When a party suffers loss or damage due to the actions of another, and the “wrongdoer” is indemnified by insurance, section 9 of the Law Reform Act 1936 (the LRA) may become relevant. This provision may be used when, as a third party, you are considering legal action against the wrongdoer/insured, who is potentially not judgment worthy.
Section 9(1) of the LRA provides that where a person (the insured) has entered into a contract of insurance that indemnifies them against liability to pay damages or compensation, a charge arises over the insurance proceeds. This charge arises at the moment the event giving rise to the claim occurs, and not when the liability is quantified or judgment is obtained.
This is significant because it means the injured party or claimant has a legal interest in the insurance proceeds as soon as the underlying damage-causing event occurs.
How does the injured party or claimant go about enforcing this charge against the insurer?
Under Section 9(4), this charge can be enforced directly by the claimant through legal action against the insurer. However, this is subject to an important procedural requirement: if the insured was not bankrupt or insolvent at the time the event giving rise to the claim occurred, the claimant must first obtain leave of the Court to bring the claim directly against the insurer.
Fortunately for claimants, the threshold for obtaining leave is not particularly high. When considering whether to grant leave, the Court will look at three main factors:
- Is there a prima facie claim against the insured?
- Is there a prima facie claim under the insurance policy?

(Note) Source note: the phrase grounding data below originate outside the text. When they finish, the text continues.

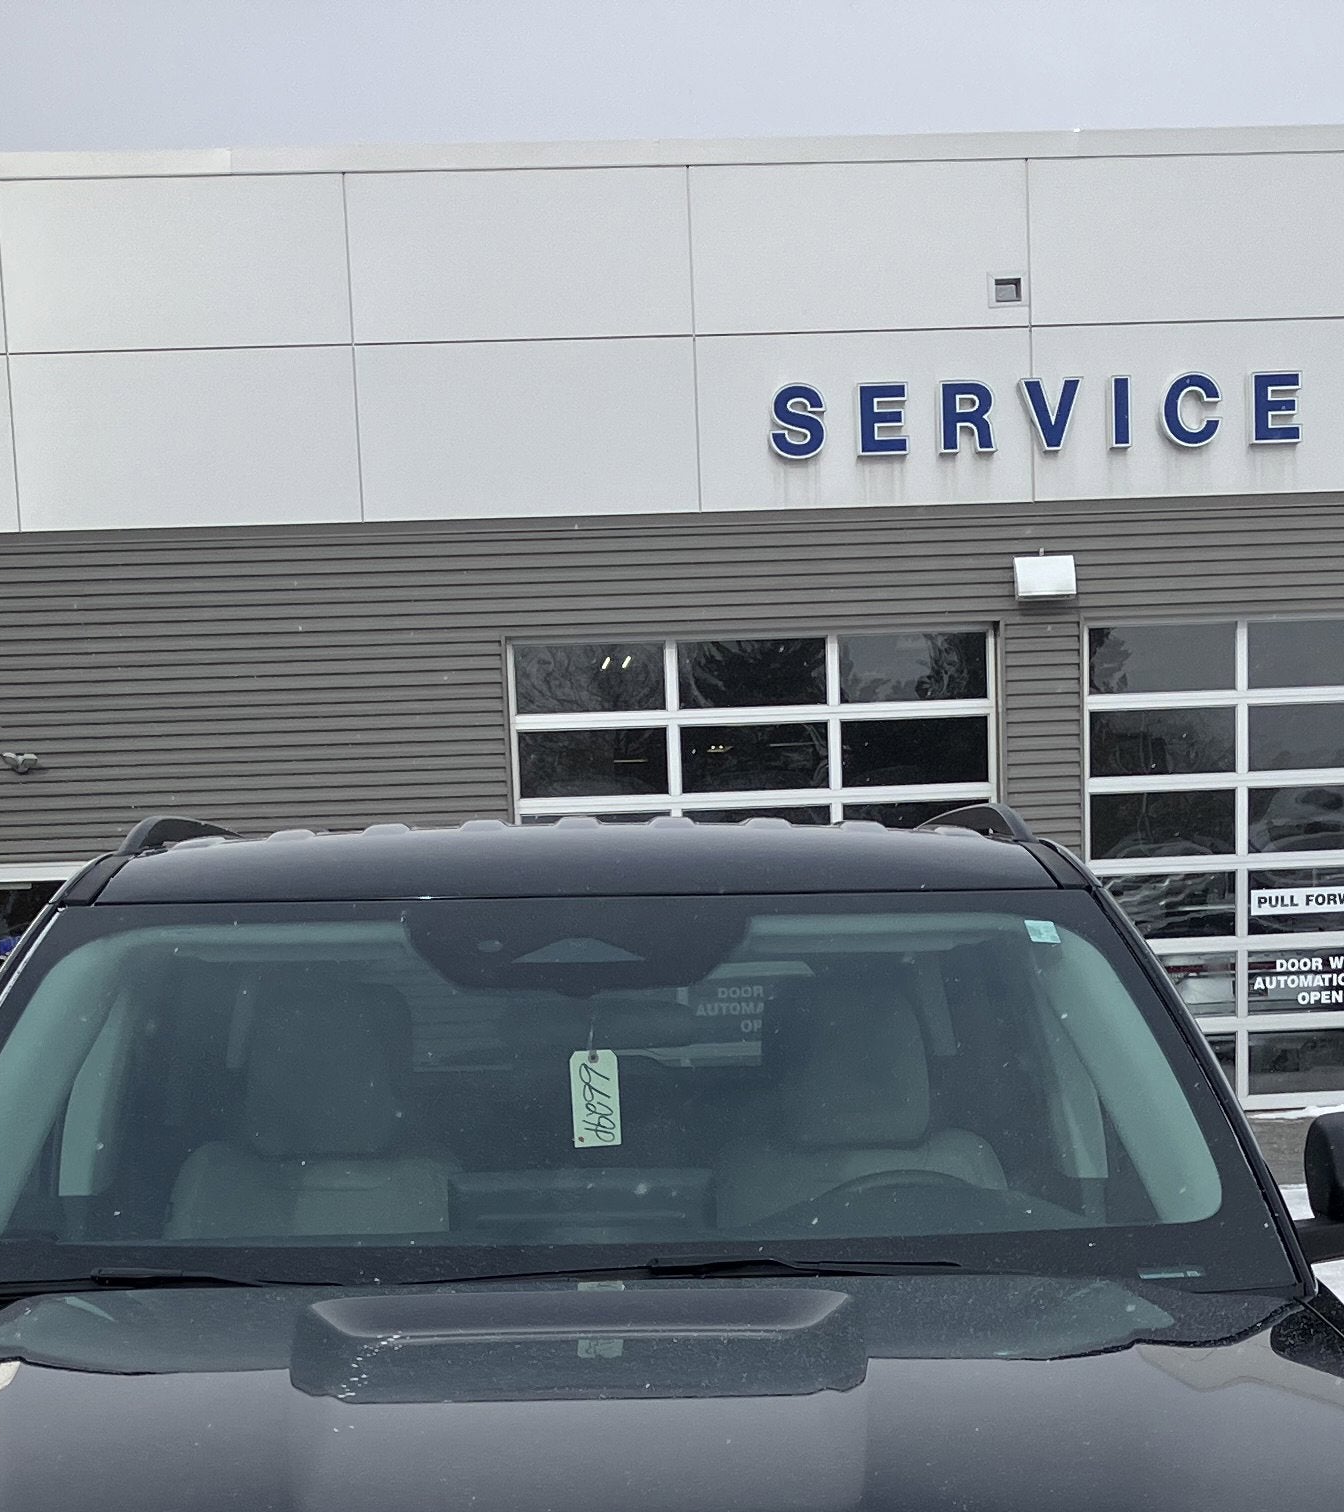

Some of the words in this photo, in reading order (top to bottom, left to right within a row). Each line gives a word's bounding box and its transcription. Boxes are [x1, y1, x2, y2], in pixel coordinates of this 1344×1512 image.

[768, 370, 1303, 460] SERVICE
[1257, 894, 1299, 909] PULL
[1275, 957, 1323, 972] DOOR
[717, 985, 764, 999] DOOR
[1297, 989, 1344, 1005] OPEN

- Is the insured not a “perfectly good common law defendant”?
If the claimant can convince the Court that the above requirements have been met, the Court is likely to grant leave, allowing the claimant to proceed directly against the insurer.
Perhaps something for insolvency practitioners to consider when bringing proceedings on behalf of the insolvent company against directors, shareholders, or third parties for actions that have caused loss to the company. Where those individuals or entities have insurance that covers the relevant conduct, and where the insured is not “judgment-worthy”, the insolvency practitioner (on behalf of the company) may be able to apply under section 9(4) for leave to pursue the insurer directly.
The above process could increase the insolvency practitioner’s chance of recovery against the “wrongdoer”/insured, which in turn improves the likelihood of potential distributions to creditors in an insolvency where none may have been available if the insured lacked the financial means to satisfy any judgment obtained against them.